%%
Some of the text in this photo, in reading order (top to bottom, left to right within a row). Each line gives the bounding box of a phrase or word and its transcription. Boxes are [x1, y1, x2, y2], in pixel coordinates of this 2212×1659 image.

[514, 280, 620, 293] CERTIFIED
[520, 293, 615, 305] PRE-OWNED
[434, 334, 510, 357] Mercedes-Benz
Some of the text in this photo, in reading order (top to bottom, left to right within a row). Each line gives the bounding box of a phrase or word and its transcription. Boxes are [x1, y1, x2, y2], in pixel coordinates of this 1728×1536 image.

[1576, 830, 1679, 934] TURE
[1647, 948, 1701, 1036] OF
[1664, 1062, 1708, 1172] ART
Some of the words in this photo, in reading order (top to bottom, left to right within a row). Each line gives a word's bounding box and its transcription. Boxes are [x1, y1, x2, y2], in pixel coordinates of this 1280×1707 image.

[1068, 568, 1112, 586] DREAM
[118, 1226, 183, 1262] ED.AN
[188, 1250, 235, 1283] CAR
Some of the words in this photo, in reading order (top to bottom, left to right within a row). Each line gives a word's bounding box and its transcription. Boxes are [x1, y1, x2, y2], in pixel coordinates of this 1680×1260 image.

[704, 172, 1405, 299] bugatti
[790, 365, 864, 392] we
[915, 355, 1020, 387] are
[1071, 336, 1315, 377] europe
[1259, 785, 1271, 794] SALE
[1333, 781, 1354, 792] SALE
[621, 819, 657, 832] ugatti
%%
Task item:
Set down the entries verbatim, leaving none out.

The answer:
Some of the text in this photo, in reading order (top to bottom, left to right within a row). Each line gives the bounding box of a phrase or word and its transcription. Boxes are [x1, y1, x2, y2], in pixel coordinates of this 2212×1659 image.

[514, 280, 620, 293] CERTIFIED
[520, 293, 615, 305] PRE-OWNED
[434, 334, 510, 357] Mercedes-Benz
Some of the text in this photo, in reading order (top to bottom, left to right within a row). Each line gives the bounding box of a phrase or word and its transcription. Boxes are [x1, y1, x2, y2], in pixel coordinates of this 1728×1536 image.

[1576, 830, 1679, 934] TURE
[1647, 948, 1701, 1036] OF
[1664, 1062, 1708, 1172] ART
Some of the words in this photo, in reading order (top to bottom, left to right within a row). Each line gives a word's bounding box and its transcription. Boxes are [x1, y1, x2, y2], in pixel coordinates of this 1280×1707 image.

[1068, 568, 1112, 586] DREAM
[118, 1226, 183, 1262] ED.AN
[188, 1250, 235, 1283] CAR
Some of the words in this photo, in reading order (top to bottom, left to right within a row). Each line gives a word's bounding box and its transcription. Boxes are [x1, y1, x2, y2], in pixel coordinates of this 1680×1260 image.

[704, 172, 1405, 299] bugatti
[790, 365, 864, 392] we
[915, 355, 1020, 387] are
[1071, 336, 1315, 377] europe
[1259, 785, 1271, 794] SALE
[1333, 781, 1354, 792] SALE
[621, 819, 657, 832] ugatti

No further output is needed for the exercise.